Rotary cone bits are normally identified using a pin, wherein the product information, such as serial number, part number, model number etc are stamped on the component.

It would be advantageous for the information to be able to be stored in a digital format, so that not only could the efficiency of how the component identification information be improved so that the components are easier to identify and locate, but also that additionally data collected during the drilling operation can be collected and stored in a simple way on the drill component. Rotary cone bits are subjected to harsh environments, therefore further problems to overcome are how to provide digital information storage that is reliable, i.e. will not become detached from the drill component or be damaged during the operation when exposed to high temperatures, dust and dirt and that is able to reliably transmit the information to an external source.

Therefore, the problem to be solved is how provide reliable storage of information on a rotary cone bit in a digital format.

SUMMARY OF THE INVENTION

It is an objective of the present invention to provide reliable storage of information on a rotary cone bit in a digital format. This objective is achieved by providing a rotary cone rock bit having a forward end and rearward end, comprising: a bit body including a plurality of legs extending therefrom, each of said legs having an outer surface that includes a leading surface, a centre panel surface, and a trailing surface and at least one nozzle; a roller cone rotatably supported on each of said legs; the rotary cone bit further comprises at least one identification tag for storing product identification information and/or drilling operation information characterized in that the at least one identification tag is positioned on the trailing surface of at least one of the legs.

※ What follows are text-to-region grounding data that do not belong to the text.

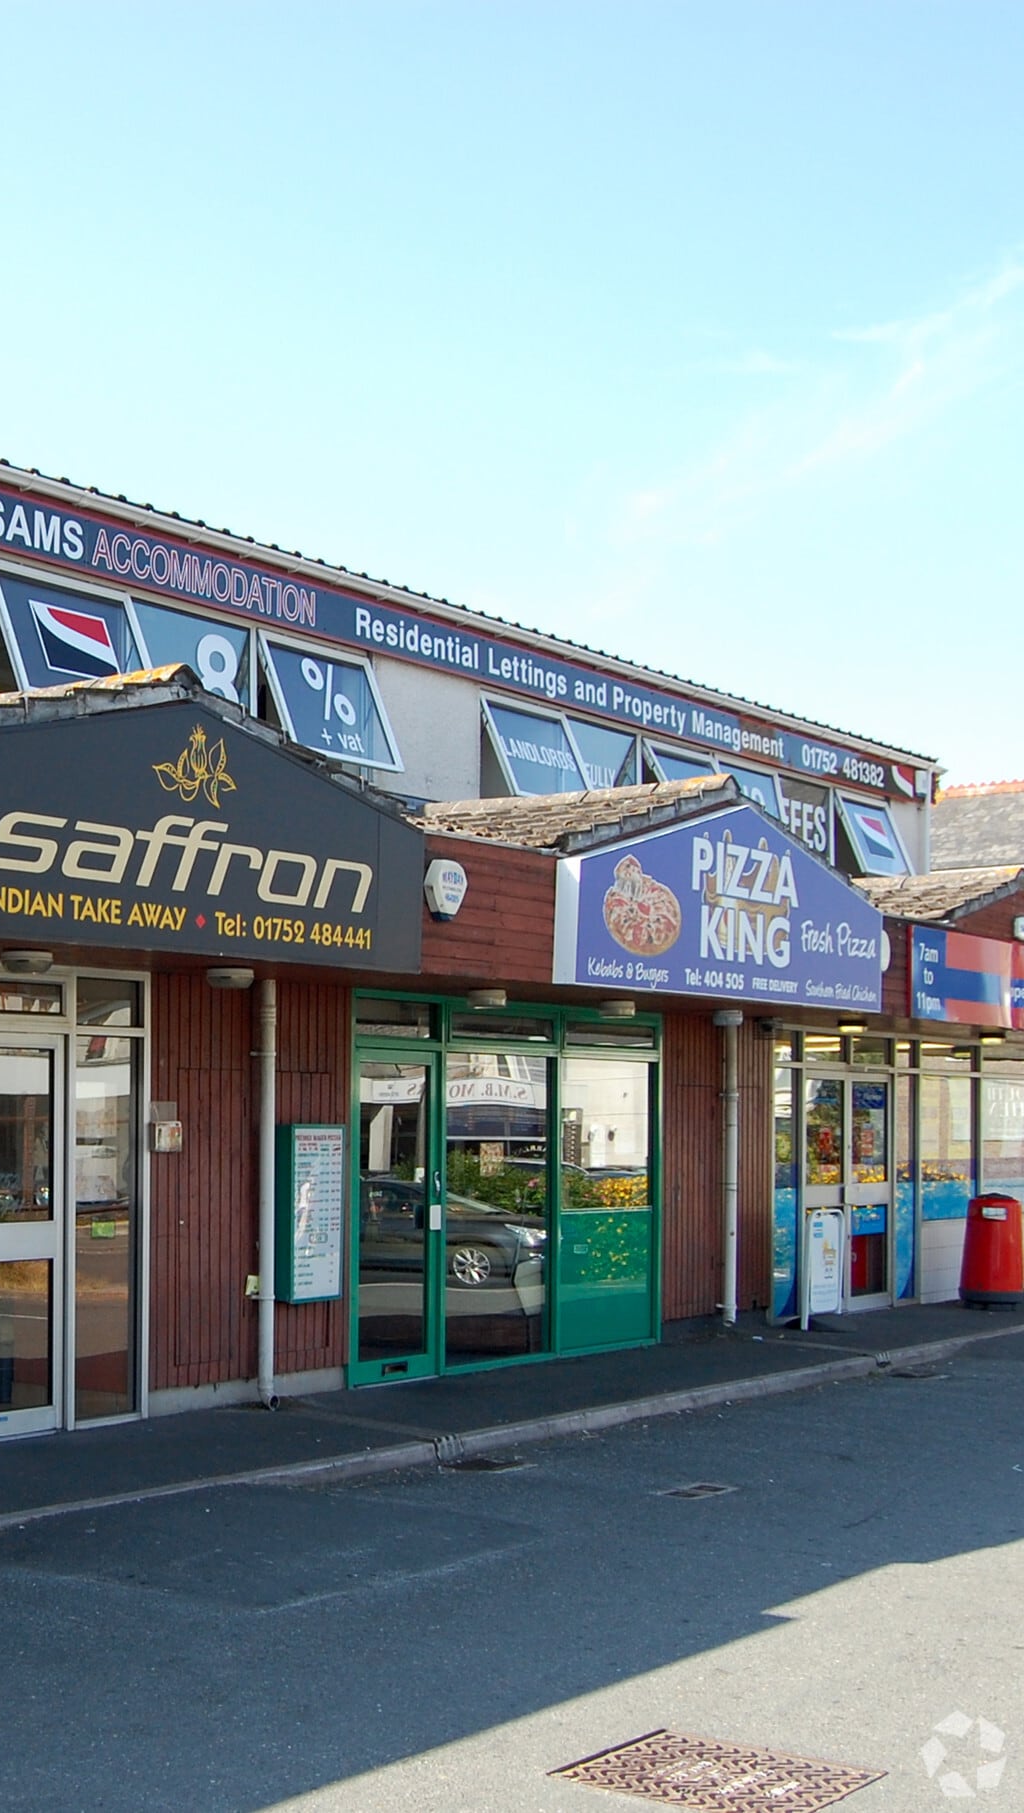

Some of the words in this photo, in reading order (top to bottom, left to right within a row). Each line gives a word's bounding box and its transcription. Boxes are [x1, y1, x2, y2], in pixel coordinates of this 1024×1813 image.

[92, 528, 317, 627] ACCOMMODATION
[355, 607, 479, 669] Residential
[488, 648, 568, 698] Lettings
[574, 679, 608, 707] and
[613, 686, 687, 736] Property
[692, 710, 785, 759] Management
[802, 744, 838, 775] 01752
[843, 757, 885, 788] 481382
[337, 731, 365, 753] vat
[499, 735, 576, 772] LANDLORDS
[691, 836, 799, 908] PIZZA
[70, 895, 122, 925] TAKE
[127, 903, 186, 931] AWAY
[215, 911, 247, 937] Tel:
[253, 916, 305, 943] 01752
[310, 922, 372, 950] 484441
[700, 905, 791, 968] KING
[800, 920, 834, 954] Fresh
[836, 922, 876, 959] Pizza
[919, 943, 939, 963] 7am
[588, 957, 624, 979] Kebabs
[635, 962, 669, 989] Burgers
[684, 968, 702, 986] Tel:
[704, 970, 724, 988] 404
[725, 972, 744, 990] 505
[752, 977, 768, 991] FREE
[769, 979, 798, 993] DELIVERY
[923, 967, 934, 985] to
[916, 991, 942, 1014] 11pm

Advantageously, the inclusion of the identification tag onto the rotary cone rock drill provides a means of digital information storage, which is a more efficient process. It enables easier stock control and locating of the bits and information acquisition. Furthermore, by positioning on the trailing surface of the legs that is advantageous because they are less exposed to wear and therefore the steel surrounding the identification tag is less likely to be eroded away, thus decreasing the chance that the identification tag will become dislodged and lost during the drilling operation.

Preferably, the at least one identification tag is positioned on the rearward side of one of the nozzles. Advantageously, the supply of fluid from the nozzle will prevent debris from accumulating in this area, therefore the steel in this area of the leg is less prone to erosive wear. Therefore, the identification tag has the lowest possibility of being lost during the drilling operation if positioned above one of the nozzles and so the survival rate of the identification tag is increased.

Preferably, there is a drill hole the bit and at least one identification tag is positioned in the drill hole. Advantageously, this position protects the identification tag from wear.

In one embodiment, the rotary cone rock bit further comprising a reservoir and wherein the identification tag is positioned in the reservoir. Advantageously, this position protects the identification tag from wear.

In one embodiment the rotary cone rock bit the identification tag is a radio frequency identification tag (RFID). Advantageously, RFID tags are able to remain intact even in harsh environments.

In one embodiment, the RFID tag is press fit in the drill hole. Advantageously, this makes the installation of the RFID tag onto the bit easy.

In another embodiment, the identification tag is is encoded with one-dimensional or two-dimensional optical machine-readable code. Advantageously, by arranging the first identification marker as a one-dimensional or two-dimensional optical machine-readable code, the first identification marker can be arranged where it is covered by metal surfaces without affecting its readability.

In one embodiment, the identification tag is a Quick Response (QR) code, a High Capacity Coloured Two Dimensional Code, a European Article Number code, a DataMatrix code, or a MaxiCode. Preferably, the identification marker is a DataMatrix code. Advantageously if a data matrix code is used more information can be stored in a smaller area. Further, only approximately 32-72% of the data matrix code needs to be intact in order for the information to be read, therefore even if the data matrix code is slightly damaged the information can still be read. It may be preferable that the ID tag used has an industry standard associated with it.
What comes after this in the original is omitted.